Welcome!

By registering with us, you'll be able to discuss, share and private message with other members of our community.

Sign up now!

Questions - From One Programmer to Another

Joined
Mar 6, 2019
Messages
12
Note prior to reading: this is not trying to rag on or belittle any current scriptt writers / bot producers, more so questioning the lack of variability I've noticed using these bots and where nearly every bot could be improved from a structural sense which would improve all sequences within the bot and reliability for anti-ban.
--------------------------------------------------------------------------------------------------

Although I'm not savvy in Java or anything useful for writing scriptts and producing bots on any RS platform, I'm curious as to why I see a lot of bots fail to have basic variance in a lot of the commands performed throughout the sequence.

A few things that come to mind is click area variance, timing variance, intentional misclicks, checking exp rates, going to the skills level page, speed of the bot, etc, just to name a few.

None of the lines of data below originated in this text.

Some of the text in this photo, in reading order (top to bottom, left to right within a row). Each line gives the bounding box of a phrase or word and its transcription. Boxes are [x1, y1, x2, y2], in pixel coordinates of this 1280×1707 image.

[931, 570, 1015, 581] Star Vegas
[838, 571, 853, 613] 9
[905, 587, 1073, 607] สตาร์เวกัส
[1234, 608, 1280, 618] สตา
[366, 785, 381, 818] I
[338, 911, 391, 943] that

Click area variance - Some bots that display the cursor are clear signs that it clicks in the same exact spot, or within a few pixels nearly 100% of the time. Isn't it possible to write a scriptt that when called throughout the sequence it randomly generates an offset for a set area? So if a clickable area is a 100x100 pixel box (say a position in your backpack or bank), with the center being 50 up and 50 in, you generate a random number between +/- 1 to 45 that guarantees your next click will not be identical.

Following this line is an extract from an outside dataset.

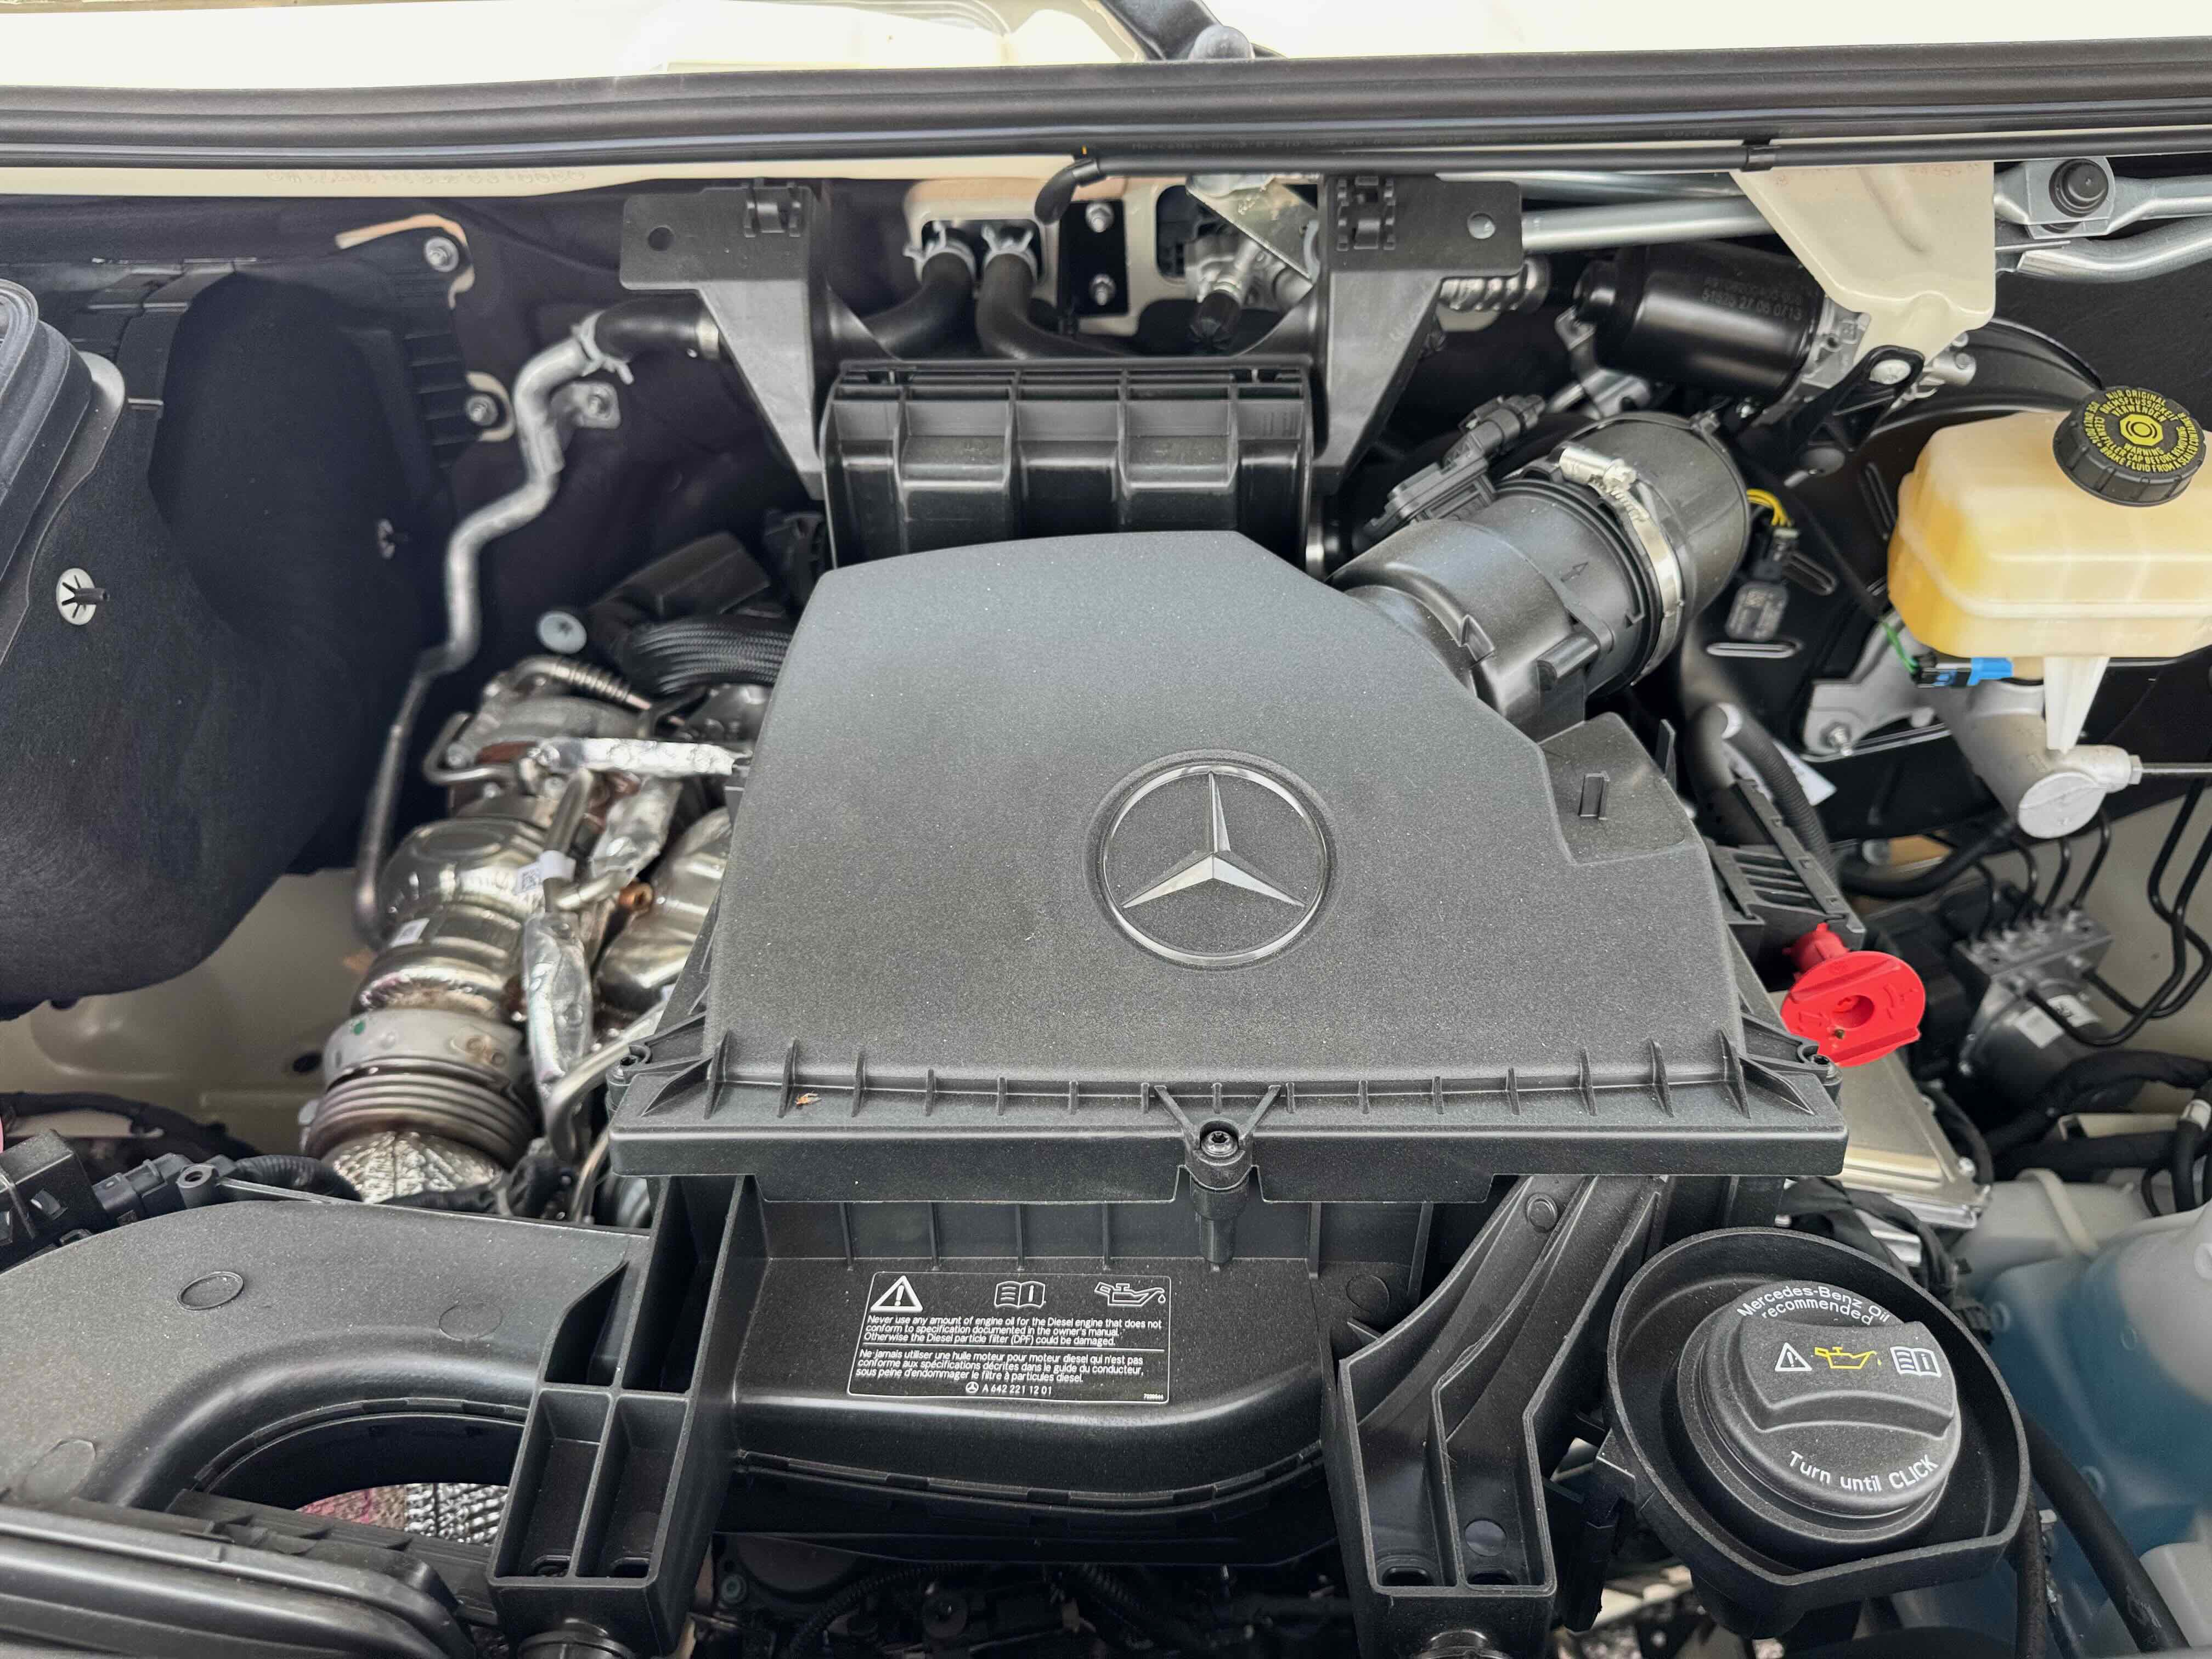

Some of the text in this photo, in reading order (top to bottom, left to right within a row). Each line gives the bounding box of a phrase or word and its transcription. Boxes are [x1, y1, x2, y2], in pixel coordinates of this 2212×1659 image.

Timing variance - same concept, except set a 0-XXX ms limit on a randomly generated number which in turns always leaves you clicking the next spot at a different time than the last. This is particularly useful when dropping an inventory of logs, fish, ore, etc where you run up and down your rows in a identical stroke from position to position. There is a mining bot I'm not using anymore due to this issue, definitely asking to get banned considering every click is nearly identical.


Intentional Misclicks - what more human can you get than mis-clicking off your next item once or twice an item every inventory or two. Running through dropping an entire inventory but missing one or two due to the variance in click that might have put one of them slightly outside the "click zone", then after finishing the inventory at the bottom it loops back through the scriptt, checks the inventory and goes back to drop position "4" and "11" since an item still remains present from the misclick.


Checking skill table - I forget all the time what level I just reached when AFK'ing or considering my next skill to train when sitting there idle while an inventory is finishing up creating leather bodies or fighting a NPC. Once or twice an hour, to switch over to it and hover the skill you're training or something that is record-able on Jag's end that shows a little more human like action. Maybe this one isn't that beneficial, I'm not sure what is recorded on Jag's end.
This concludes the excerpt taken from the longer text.